_ASSIGNMENT:_ Return only the lines running from the one that contains "this 1536×1152 image." through the end of the entries, exactly, both ends included. Omit pictures.

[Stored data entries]
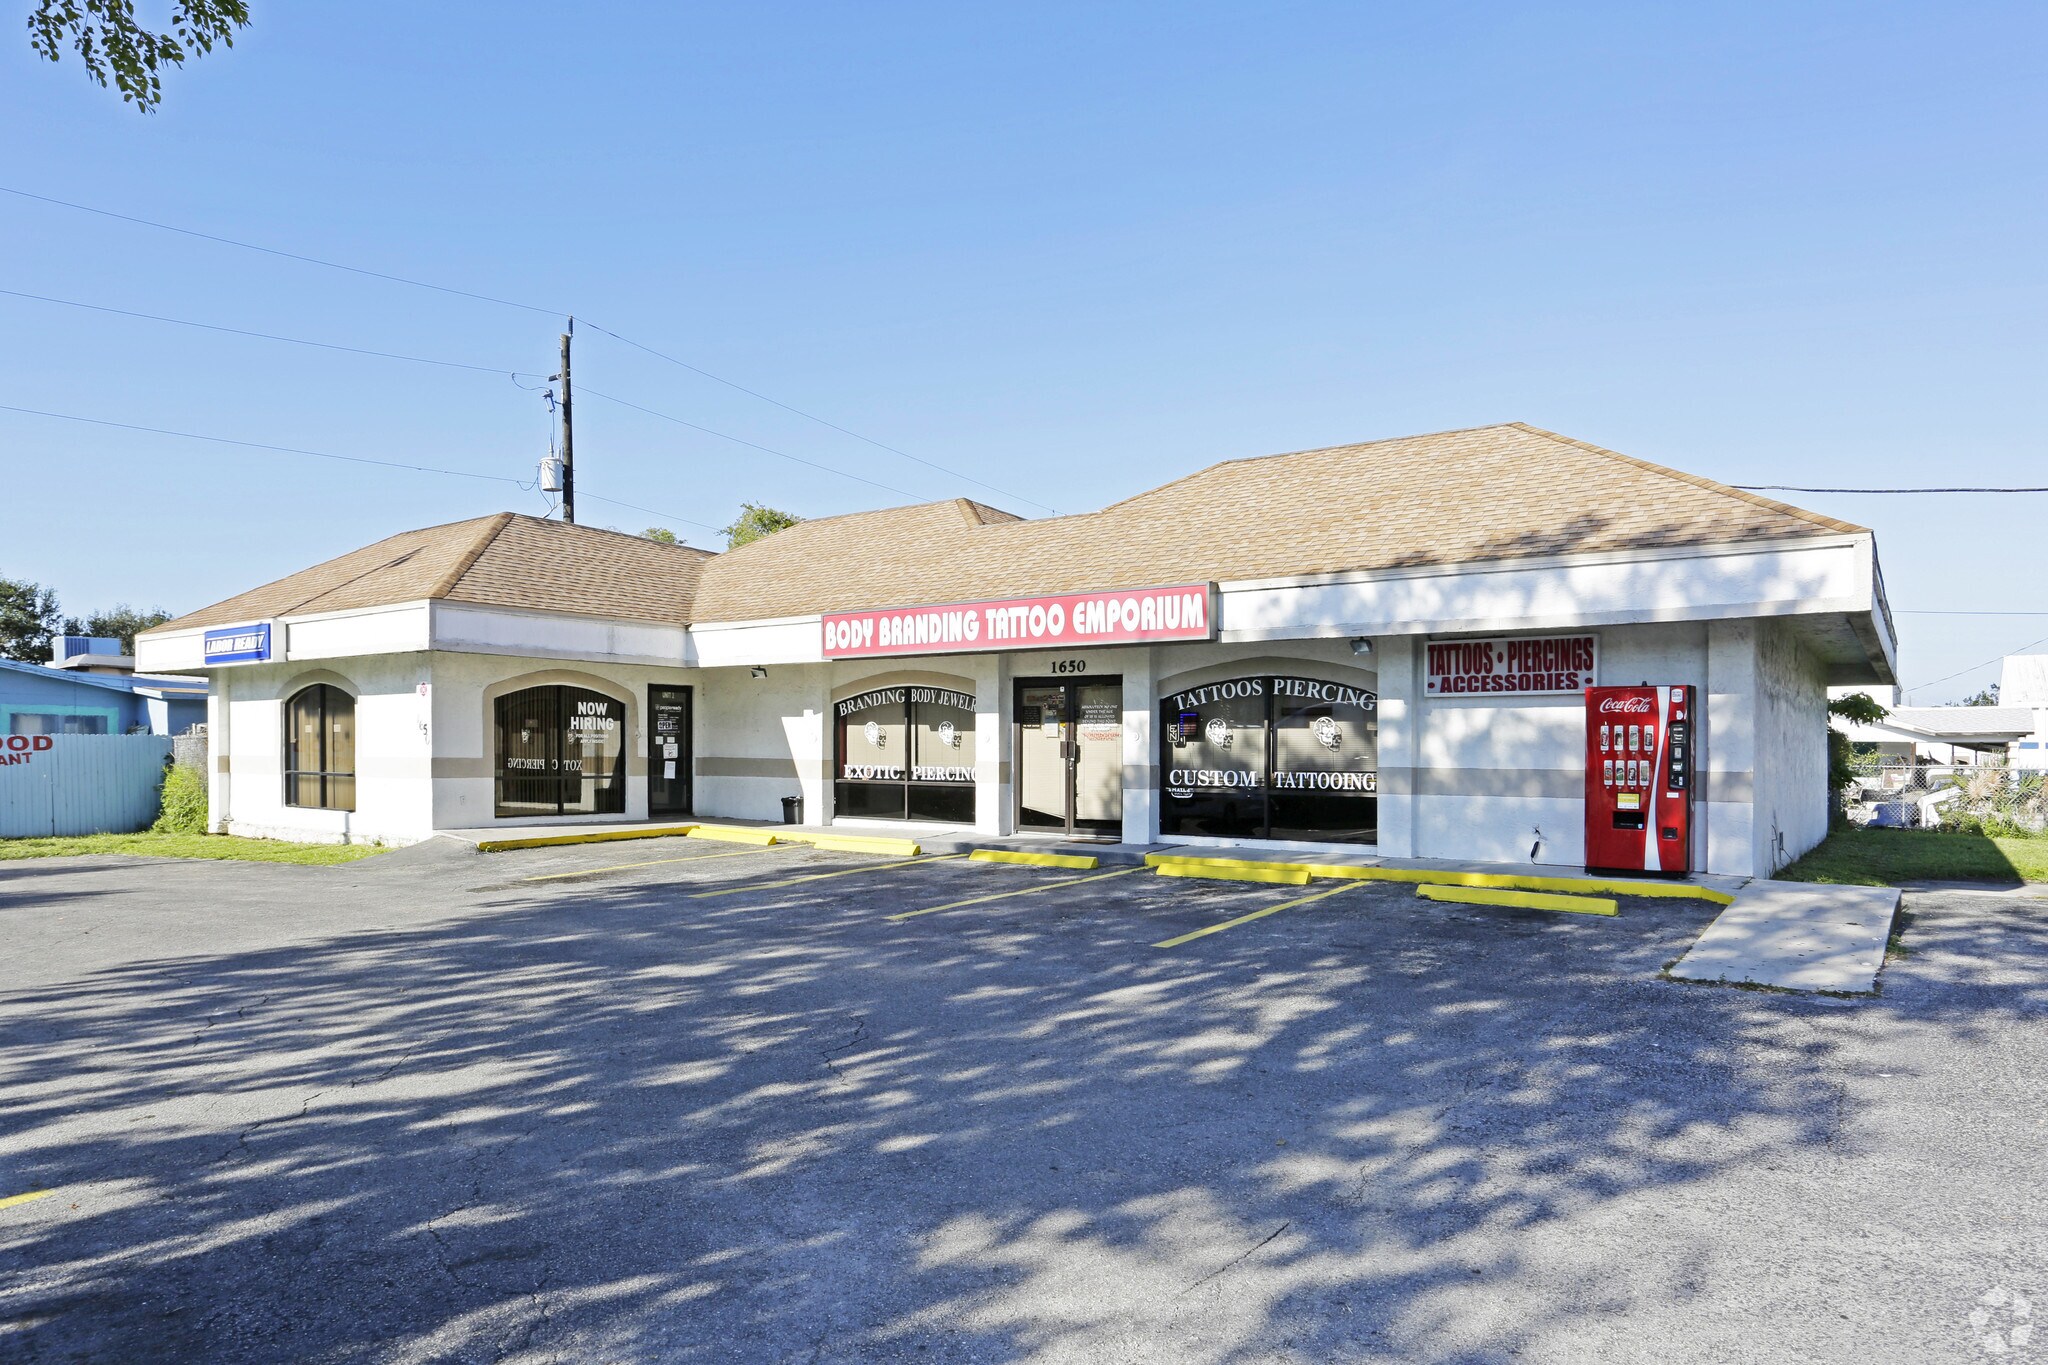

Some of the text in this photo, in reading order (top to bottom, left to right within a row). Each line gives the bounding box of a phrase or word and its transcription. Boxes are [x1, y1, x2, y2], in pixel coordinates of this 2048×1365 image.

[825, 593, 1204, 650] BODY BRANDING TATTOO EMPORIUM
[205, 634, 265, 654] LABOR READY
[1427, 637, 1594, 676] TATTOOS PIERCINGS
[1050, 660, 1086, 674] 1650
[1439, 672, 1579, 693] ACCESSORIES
[838, 689, 905, 717] BRANDING
[911, 688, 938, 704] BODY
[1173, 678, 1376, 711] TATTOOS PIERCING
[577, 701, 608, 716] NOW
[1599, 697, 1653, 714] Coca-Cola
[570, 716, 614, 731] HIRING
[0, 735, 53, 751] OD
[843, 764, 900, 780] EXOTIC
[1169, 769, 1377, 791] CUSTOM TATTOOING
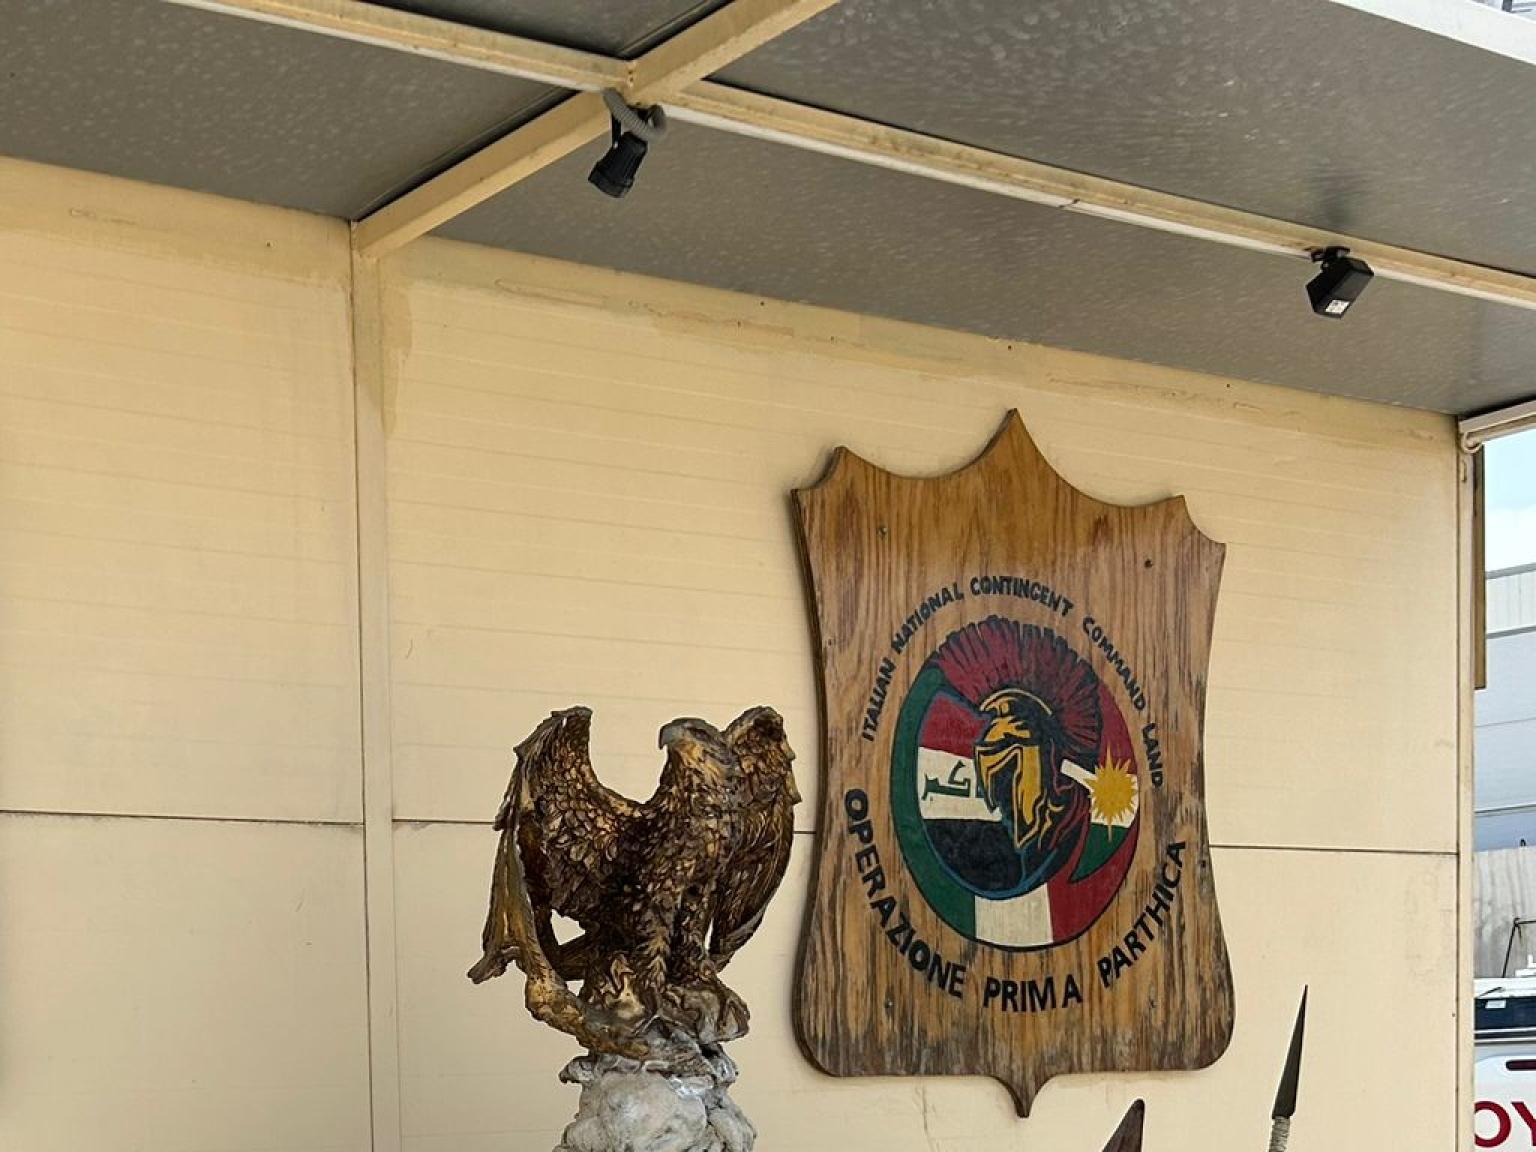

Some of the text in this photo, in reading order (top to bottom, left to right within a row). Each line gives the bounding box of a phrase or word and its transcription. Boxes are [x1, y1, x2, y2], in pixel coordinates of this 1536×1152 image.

[862, 575, 1163, 787] ITALIAN NATIONAL CONTINGENT COMMAND LAND
[844, 788, 1186, 1013] OPERAZIONE PRIMA PARTHICA
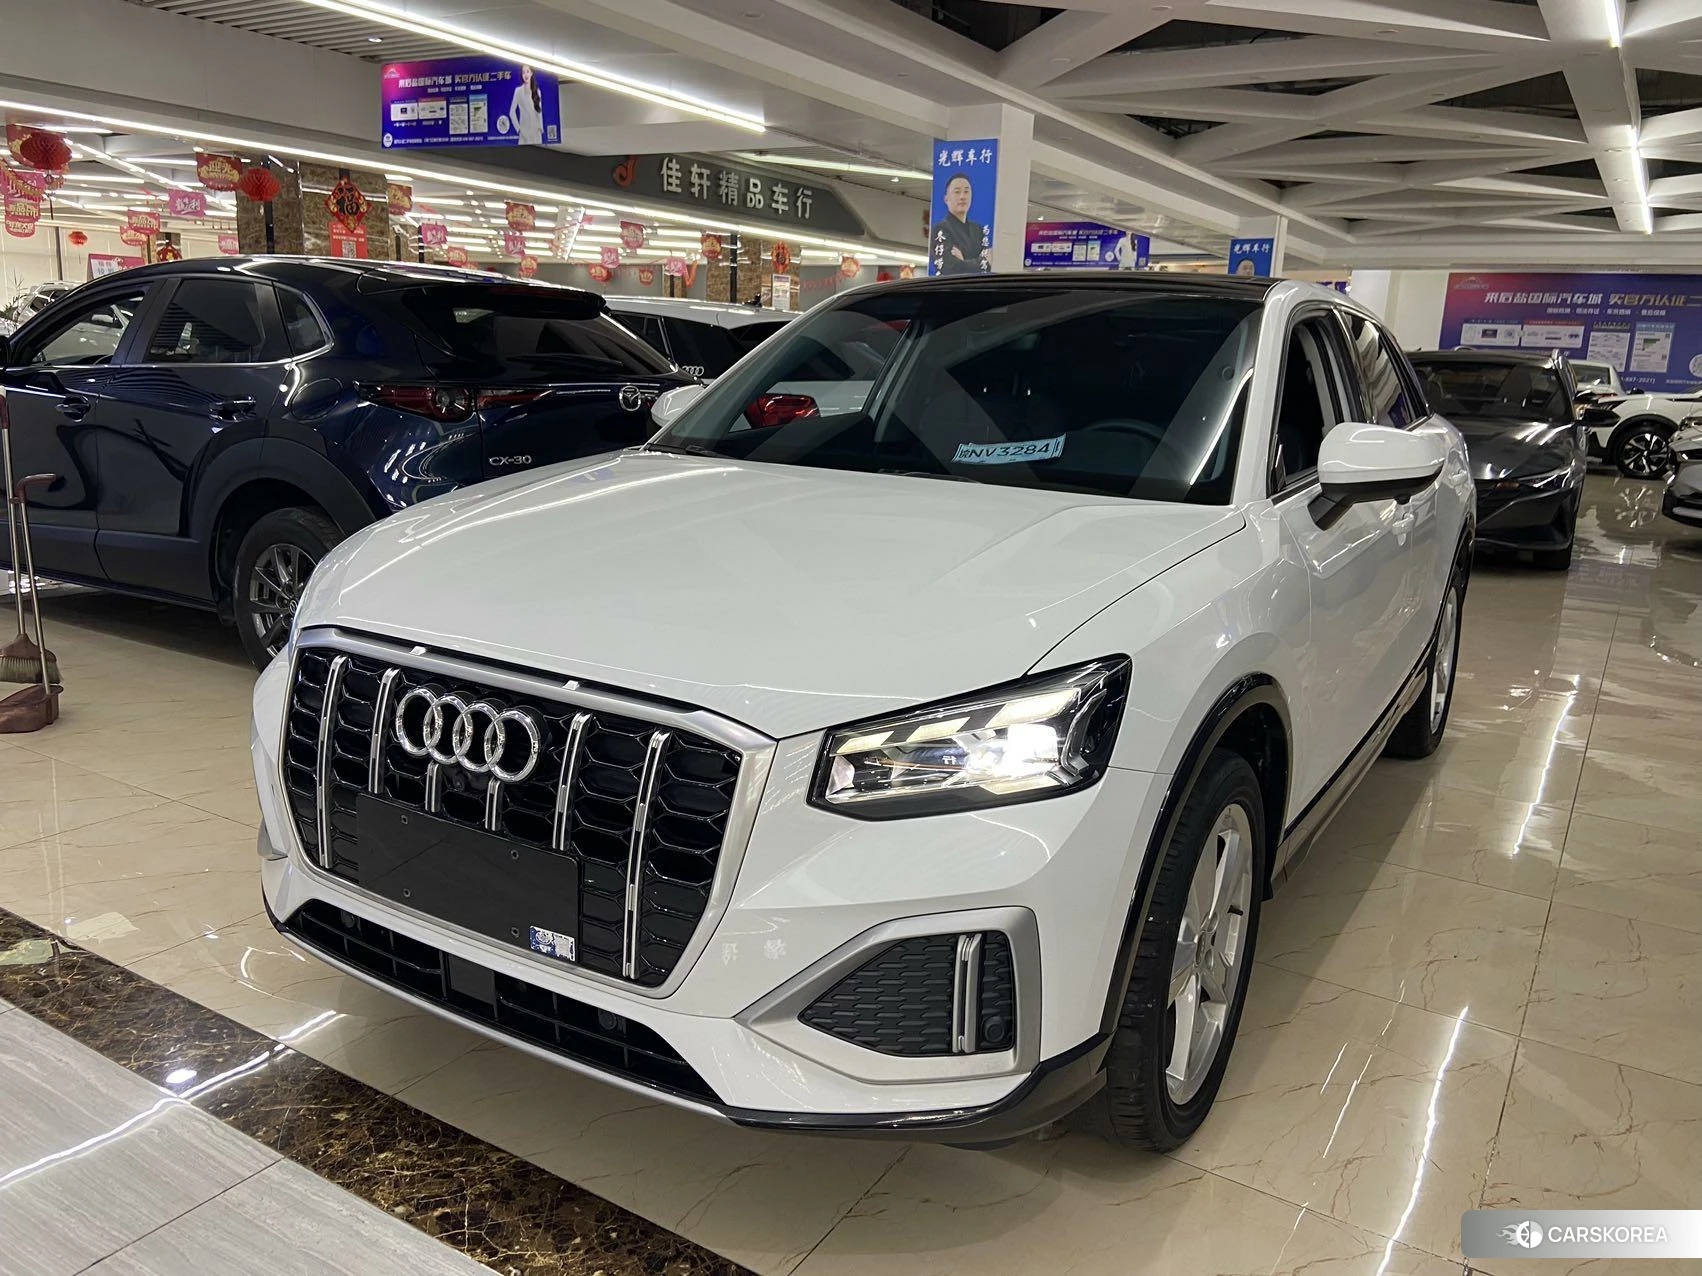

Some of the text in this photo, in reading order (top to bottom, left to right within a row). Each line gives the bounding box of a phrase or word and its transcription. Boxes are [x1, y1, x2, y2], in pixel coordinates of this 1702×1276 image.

[661, 156, 813, 219] 佳轩精品车行
[488, 455, 532, 466] CX-30

_ANSWER SECTION:_
Some of the text in this photo, in reading order (top to bottom, left to right within a row). Each line gives the bounding box of a phrase or word and its transcription. Boxes are [x1, y1, x2, y2], in pixel coordinates of this 1536×1152 image.

[862, 575, 1163, 787] ITALIAN NATIONAL CONTINGENT COMMAND LAND
[844, 788, 1186, 1013] OPERAZIONE PRIMA PARTHICA

Some of the text in this photo, in reading order (top to bottom, left to right within a row). Each line gives the bounding box of a phrase or word and its transcription. Boxes are [x1, y1, x2, y2], in pixel coordinates of this 1702×1276 image.

[661, 156, 813, 219] 佳轩精品车行
[488, 455, 532, 466] CX-30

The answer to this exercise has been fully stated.